A seguir  trechos do discurso proferido pelo Ilustre senador no dia de sua posse.

“Ao cumprir o rito de entrada, passo a desfrutar da honra de sentar-me entre vós.  Esta Casa desde seu nascimento mantém-se fiel aos elevados propósitos de guardar “a cultura da língua e da literatura nacional”, conservar a tradição sem abandonar à rotina, viver imersa na história das transformações que se operam no Brasil e no mundo.

Expresso, por essas razões, a gratidão, testemunho pleno de minha consciência e cálido sentimento de meu coração, pela generosa acolhida que me dispensastes, estimados acadêmicos, ao incorporar-me, de maneira tão desvanecedora, ao vosso convívio.

Exercitar esta comunhão, plenitude da vida, “é   –  como profetizava o poeta João Cabral  –  ir entre o que vive”, transformar coexistência em convivência, prática aliás aqui observada desde seus albores, entre aqueles que laboram nos mais variados territórios dos gêneros literários, inclusivamente, se não estou sendo heresiarca, o discurso parlamentar como manifestação cultural que em muitos casos realiza a interseção entre a forma literária e o conteúdo político.

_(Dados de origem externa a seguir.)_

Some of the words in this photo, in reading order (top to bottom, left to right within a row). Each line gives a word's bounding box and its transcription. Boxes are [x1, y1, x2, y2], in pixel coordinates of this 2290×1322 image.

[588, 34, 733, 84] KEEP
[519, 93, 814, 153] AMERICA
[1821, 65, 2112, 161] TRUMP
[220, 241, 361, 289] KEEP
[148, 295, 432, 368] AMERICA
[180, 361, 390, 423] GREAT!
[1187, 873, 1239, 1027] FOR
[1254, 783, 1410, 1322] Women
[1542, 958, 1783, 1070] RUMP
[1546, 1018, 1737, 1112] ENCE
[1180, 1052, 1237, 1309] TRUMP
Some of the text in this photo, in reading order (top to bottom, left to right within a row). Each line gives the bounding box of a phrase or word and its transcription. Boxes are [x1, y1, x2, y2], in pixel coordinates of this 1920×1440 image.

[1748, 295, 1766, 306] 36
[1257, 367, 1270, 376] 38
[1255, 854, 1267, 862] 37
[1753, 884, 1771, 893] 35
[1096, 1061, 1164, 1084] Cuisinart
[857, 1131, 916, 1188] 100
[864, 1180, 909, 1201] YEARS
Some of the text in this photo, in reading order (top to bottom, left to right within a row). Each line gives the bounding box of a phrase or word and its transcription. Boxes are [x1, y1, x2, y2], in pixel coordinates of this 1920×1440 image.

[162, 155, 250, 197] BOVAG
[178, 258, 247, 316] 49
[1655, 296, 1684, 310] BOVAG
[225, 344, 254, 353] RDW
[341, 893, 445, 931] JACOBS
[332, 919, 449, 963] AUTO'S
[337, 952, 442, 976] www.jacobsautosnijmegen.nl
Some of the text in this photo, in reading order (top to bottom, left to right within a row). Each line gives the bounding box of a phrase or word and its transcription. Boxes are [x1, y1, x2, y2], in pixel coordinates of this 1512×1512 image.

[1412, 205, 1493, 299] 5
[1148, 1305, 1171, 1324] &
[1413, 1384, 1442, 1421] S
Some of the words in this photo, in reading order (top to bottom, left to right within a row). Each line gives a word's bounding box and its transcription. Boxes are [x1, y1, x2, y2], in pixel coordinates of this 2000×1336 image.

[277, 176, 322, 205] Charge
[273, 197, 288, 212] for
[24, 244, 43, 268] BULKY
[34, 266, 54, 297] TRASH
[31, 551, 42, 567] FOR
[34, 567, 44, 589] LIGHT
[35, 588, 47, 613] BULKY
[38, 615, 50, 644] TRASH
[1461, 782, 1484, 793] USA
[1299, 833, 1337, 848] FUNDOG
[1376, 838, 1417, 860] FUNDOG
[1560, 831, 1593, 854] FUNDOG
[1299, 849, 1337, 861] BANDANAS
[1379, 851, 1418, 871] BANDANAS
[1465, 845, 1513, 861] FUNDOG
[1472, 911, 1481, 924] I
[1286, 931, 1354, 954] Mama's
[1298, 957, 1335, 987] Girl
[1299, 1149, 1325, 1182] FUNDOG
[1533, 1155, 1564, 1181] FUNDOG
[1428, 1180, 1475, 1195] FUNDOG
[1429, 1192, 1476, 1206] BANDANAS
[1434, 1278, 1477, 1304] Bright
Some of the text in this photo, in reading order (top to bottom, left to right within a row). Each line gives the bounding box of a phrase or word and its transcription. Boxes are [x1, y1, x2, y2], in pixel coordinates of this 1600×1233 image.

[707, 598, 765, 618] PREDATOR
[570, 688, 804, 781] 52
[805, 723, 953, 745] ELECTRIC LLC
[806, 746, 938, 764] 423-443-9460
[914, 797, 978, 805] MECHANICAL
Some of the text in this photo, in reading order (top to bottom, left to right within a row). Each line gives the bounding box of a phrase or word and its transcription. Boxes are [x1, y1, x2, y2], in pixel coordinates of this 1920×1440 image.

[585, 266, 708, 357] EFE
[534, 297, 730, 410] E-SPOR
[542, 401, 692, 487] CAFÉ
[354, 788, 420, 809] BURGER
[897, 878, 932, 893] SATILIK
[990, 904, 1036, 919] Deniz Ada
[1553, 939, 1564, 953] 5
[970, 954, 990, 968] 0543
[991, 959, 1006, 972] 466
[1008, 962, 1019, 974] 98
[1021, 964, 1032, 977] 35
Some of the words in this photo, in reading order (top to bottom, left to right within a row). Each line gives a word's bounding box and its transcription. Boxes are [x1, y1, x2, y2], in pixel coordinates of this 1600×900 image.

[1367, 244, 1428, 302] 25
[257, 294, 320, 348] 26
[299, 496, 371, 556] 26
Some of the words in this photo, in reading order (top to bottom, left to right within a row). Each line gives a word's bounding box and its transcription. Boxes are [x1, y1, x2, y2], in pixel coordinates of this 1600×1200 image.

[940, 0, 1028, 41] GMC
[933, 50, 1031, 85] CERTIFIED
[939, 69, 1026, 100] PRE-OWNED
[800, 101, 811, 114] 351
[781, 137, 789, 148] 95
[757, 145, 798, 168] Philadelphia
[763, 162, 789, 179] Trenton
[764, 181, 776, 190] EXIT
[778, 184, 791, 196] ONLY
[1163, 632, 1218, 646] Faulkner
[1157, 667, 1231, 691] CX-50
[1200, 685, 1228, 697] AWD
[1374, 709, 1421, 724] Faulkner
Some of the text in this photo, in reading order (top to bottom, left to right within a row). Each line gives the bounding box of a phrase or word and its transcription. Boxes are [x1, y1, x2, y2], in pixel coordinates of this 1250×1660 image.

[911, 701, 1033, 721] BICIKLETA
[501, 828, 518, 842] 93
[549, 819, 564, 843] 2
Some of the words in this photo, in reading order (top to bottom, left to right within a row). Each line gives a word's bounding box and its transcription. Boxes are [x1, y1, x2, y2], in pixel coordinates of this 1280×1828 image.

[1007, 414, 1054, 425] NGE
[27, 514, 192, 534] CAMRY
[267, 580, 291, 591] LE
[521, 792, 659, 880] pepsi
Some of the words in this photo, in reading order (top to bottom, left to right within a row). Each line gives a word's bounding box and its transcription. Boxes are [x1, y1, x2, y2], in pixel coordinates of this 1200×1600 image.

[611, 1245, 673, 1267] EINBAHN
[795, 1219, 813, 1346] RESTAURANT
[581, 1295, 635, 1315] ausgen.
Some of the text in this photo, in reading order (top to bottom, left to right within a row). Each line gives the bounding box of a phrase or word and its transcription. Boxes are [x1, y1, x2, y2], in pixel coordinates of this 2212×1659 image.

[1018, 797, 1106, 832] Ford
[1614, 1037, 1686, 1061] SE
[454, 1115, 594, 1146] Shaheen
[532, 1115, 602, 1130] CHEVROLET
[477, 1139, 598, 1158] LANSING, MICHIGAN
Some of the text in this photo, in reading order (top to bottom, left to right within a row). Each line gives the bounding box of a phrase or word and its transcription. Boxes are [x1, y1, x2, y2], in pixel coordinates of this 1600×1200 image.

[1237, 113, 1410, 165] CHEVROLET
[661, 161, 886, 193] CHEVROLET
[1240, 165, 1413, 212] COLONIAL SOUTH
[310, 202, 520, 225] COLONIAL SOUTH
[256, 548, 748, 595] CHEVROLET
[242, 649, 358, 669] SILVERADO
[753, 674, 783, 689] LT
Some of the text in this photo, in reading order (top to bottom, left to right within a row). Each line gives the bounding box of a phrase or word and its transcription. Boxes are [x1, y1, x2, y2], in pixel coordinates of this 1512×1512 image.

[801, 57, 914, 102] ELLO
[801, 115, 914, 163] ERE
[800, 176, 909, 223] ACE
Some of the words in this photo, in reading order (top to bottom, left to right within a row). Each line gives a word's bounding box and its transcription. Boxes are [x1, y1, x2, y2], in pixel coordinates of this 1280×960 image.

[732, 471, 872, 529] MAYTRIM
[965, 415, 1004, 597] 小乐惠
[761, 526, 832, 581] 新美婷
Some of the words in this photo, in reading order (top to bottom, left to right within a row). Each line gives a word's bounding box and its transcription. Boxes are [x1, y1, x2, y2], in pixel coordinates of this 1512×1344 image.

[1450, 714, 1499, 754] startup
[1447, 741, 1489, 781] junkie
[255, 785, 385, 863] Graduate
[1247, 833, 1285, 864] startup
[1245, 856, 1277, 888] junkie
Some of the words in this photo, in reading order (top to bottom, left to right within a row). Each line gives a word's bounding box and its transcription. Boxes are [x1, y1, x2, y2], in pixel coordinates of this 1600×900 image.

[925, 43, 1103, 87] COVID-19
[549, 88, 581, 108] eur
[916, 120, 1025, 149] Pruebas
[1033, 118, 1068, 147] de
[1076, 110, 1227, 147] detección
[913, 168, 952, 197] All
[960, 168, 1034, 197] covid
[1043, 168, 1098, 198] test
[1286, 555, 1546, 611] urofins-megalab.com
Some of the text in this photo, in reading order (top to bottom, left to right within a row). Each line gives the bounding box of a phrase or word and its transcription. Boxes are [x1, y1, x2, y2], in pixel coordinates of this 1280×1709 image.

Coube-me a dupla graça de ocupar a cadeira cujo fundador é o meu conterrâneo Oliveira Lima e o último ocupante o jornalista Roberto Marinho.

Espaço da palavra, aqui se exercita no perpassar de sua densa história a artesania da liberdade, através da qual se busca entre o que separa aquilo que nos pode unir, porque se queremos viver juntos na divergência, que é princípio vital da democracia, estamos condenados ao entendimento, sob pena de transformar idéias antagônicas em soluções agônicas.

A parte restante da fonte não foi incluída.